Foodies are firing people all the time

While at first it doesn't seem related with foodies and food business, Why Mitt Romney likes firing people posted on CBS News takes food business as its examples, and it doesn't stop at that: it also highlight the thing that we all sure we're aware of, but seldom put it in such perspective: we've been firing people more often that we're aware of.

As a foodies, what would you do to an eatery that doesn't live up to your standard? If you stop visiting them, then you are firing them -- from the line of services that you allow to serve you. If you've been rudely treated by a server in a restaurant, and chosen to eat somewhere else the next time, you are firing the server, and the business he worked for as well.
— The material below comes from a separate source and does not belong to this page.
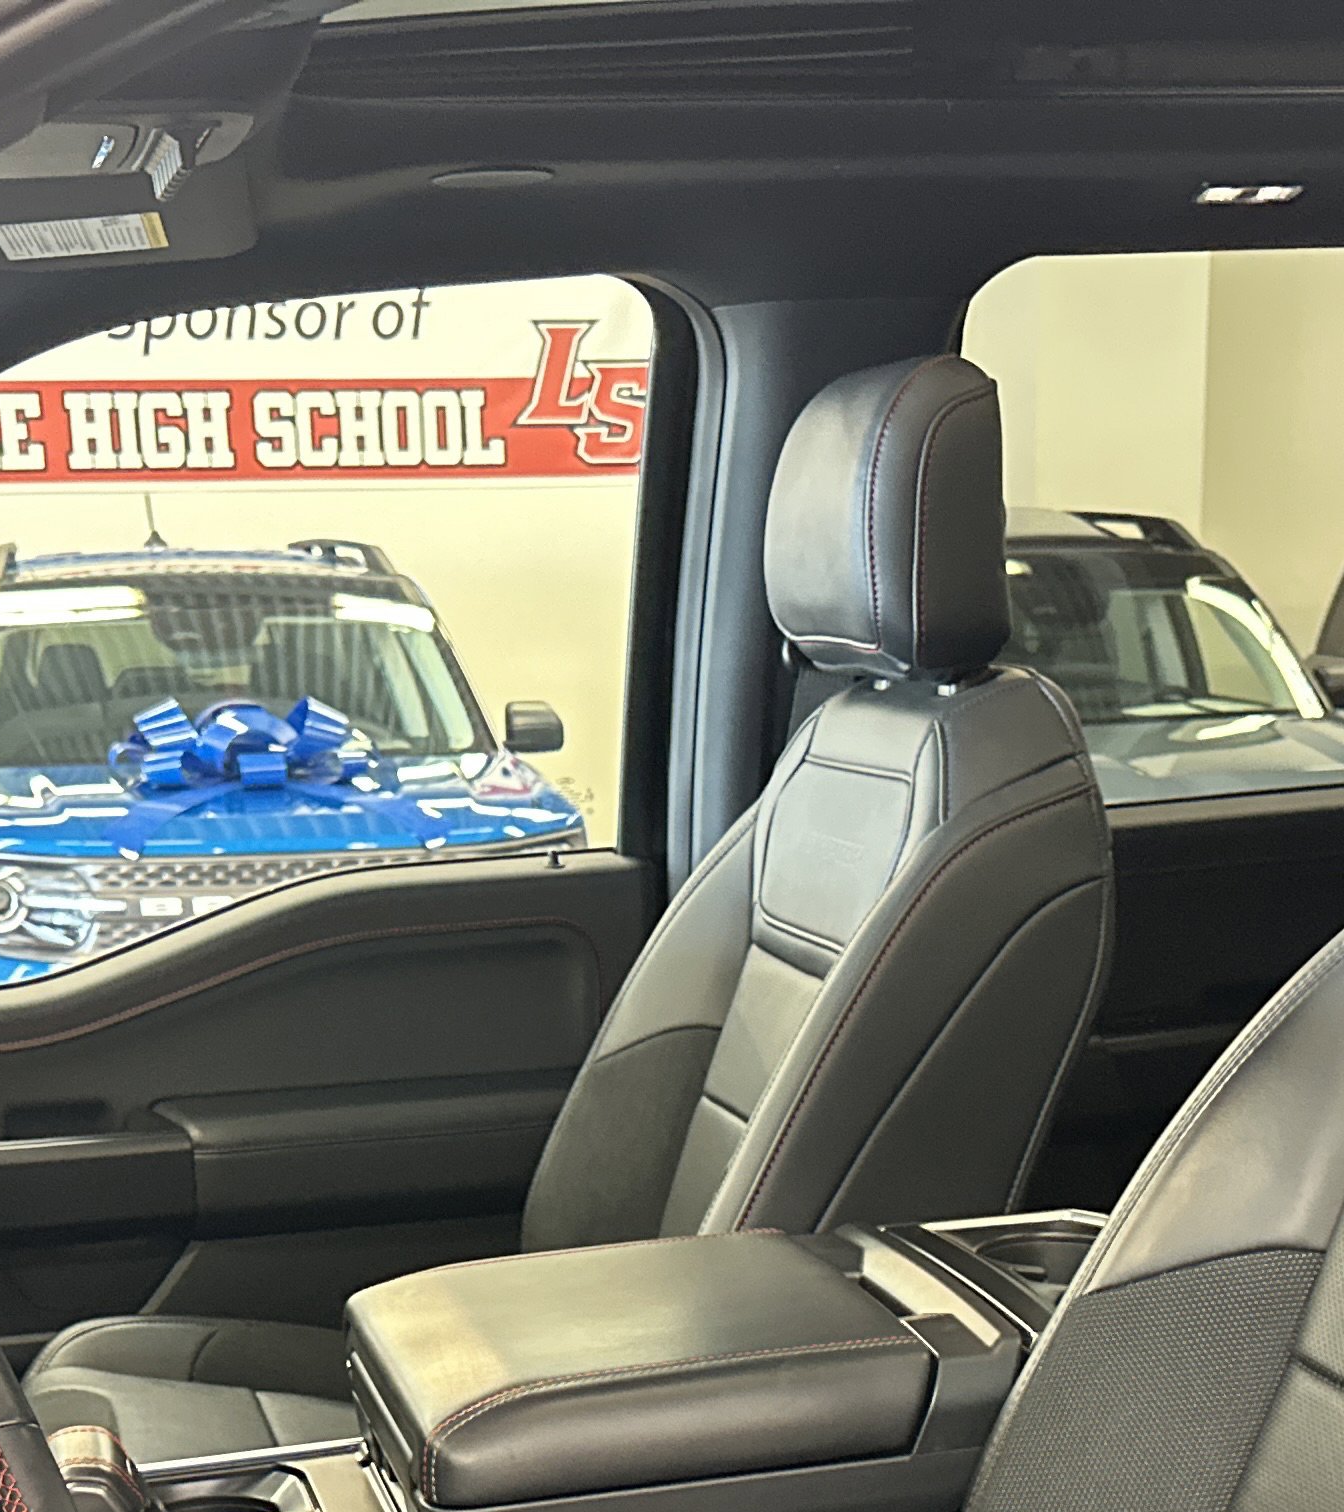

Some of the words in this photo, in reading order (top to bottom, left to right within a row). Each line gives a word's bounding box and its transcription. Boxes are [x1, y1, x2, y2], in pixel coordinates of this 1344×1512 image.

[371, 287, 431, 340] of
[61, 388, 237, 470] HIGH
[253, 386, 507, 469] SCHOOL
We don't think of it as a "firing" because we don't make a formal employer/employee relationship with these people. We just kind of think of it as "not going back" or "hiring someone else." But anytime you terminate that paying relationship, you're firing that person or that company. (And let's face it, you terminate a relationship with a company because of its employees far more often than because of its product.)
Even worse, as foodies sometimes you went to the full distance by blacklisting eateries you think are troublesome, and share the list to other employers in the food business customers, i.e. fellow foodies, to create a syndicated refusal of one business's service, practically minimizing the business's chance to be "employed" by other foodies alike. (byms)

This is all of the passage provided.